Stubby is an interactive helicopter that travels to schools, camps and community events. Docents accompanying Stubby give kids a chance to sit in the cockpit, operate the controls and learn how each works. Students also learn about the hand-eye co-ordination necessary to fly a helicopter. Stubby is a Hughes TH-55A Osage that has shortened rotor blades and tail boom to facilitate transport.

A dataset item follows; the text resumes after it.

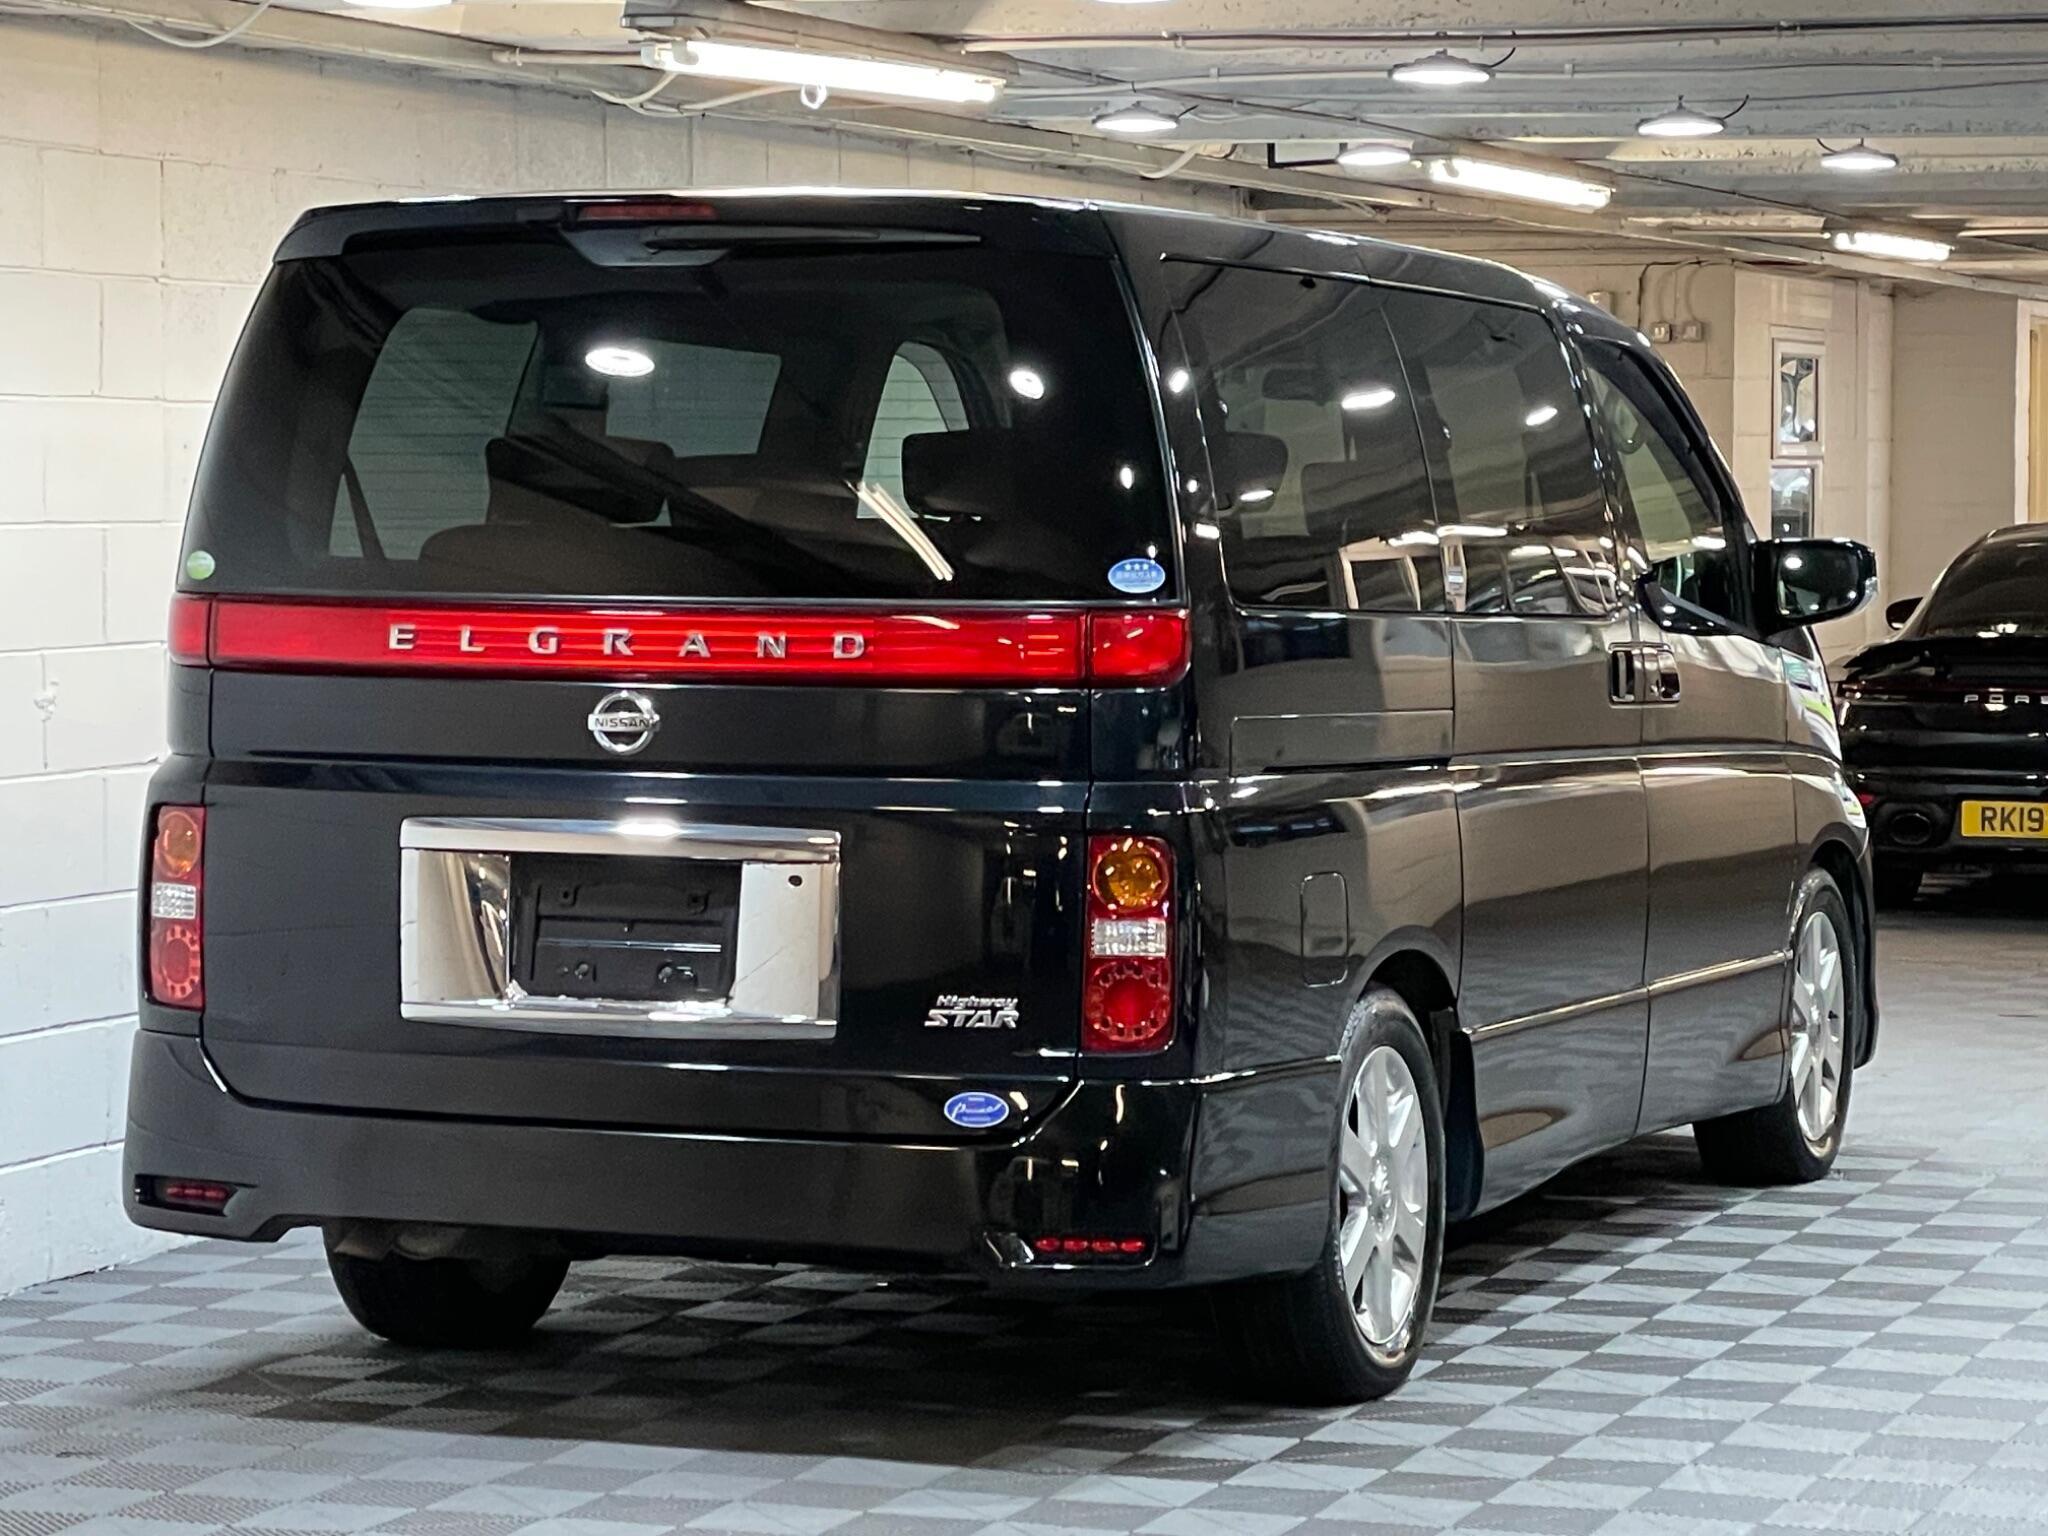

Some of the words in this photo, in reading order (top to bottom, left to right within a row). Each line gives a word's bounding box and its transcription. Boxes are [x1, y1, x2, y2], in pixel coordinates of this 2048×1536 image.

It was acquired by the museum in 1998.

Women in Aerospace Technology Program
According to a brochure, the Women in Aerospace and Technology, Diversity Project engages young girls to look toward science and technology in fun and exciting ways and to mentor and encourage their future career and growth opportunities in technology.

It is a collaborative effort between the American Helicopter Museum & Education Center, the Girl Scouts of Eastern Pennsylvania, Boeing Rotorcraft Systems, Sikorsky Global Helicopters, the Physics Department at Penn State University, the Physics Departments at West Chester University, Drexel University, as well as other industry and educational partners.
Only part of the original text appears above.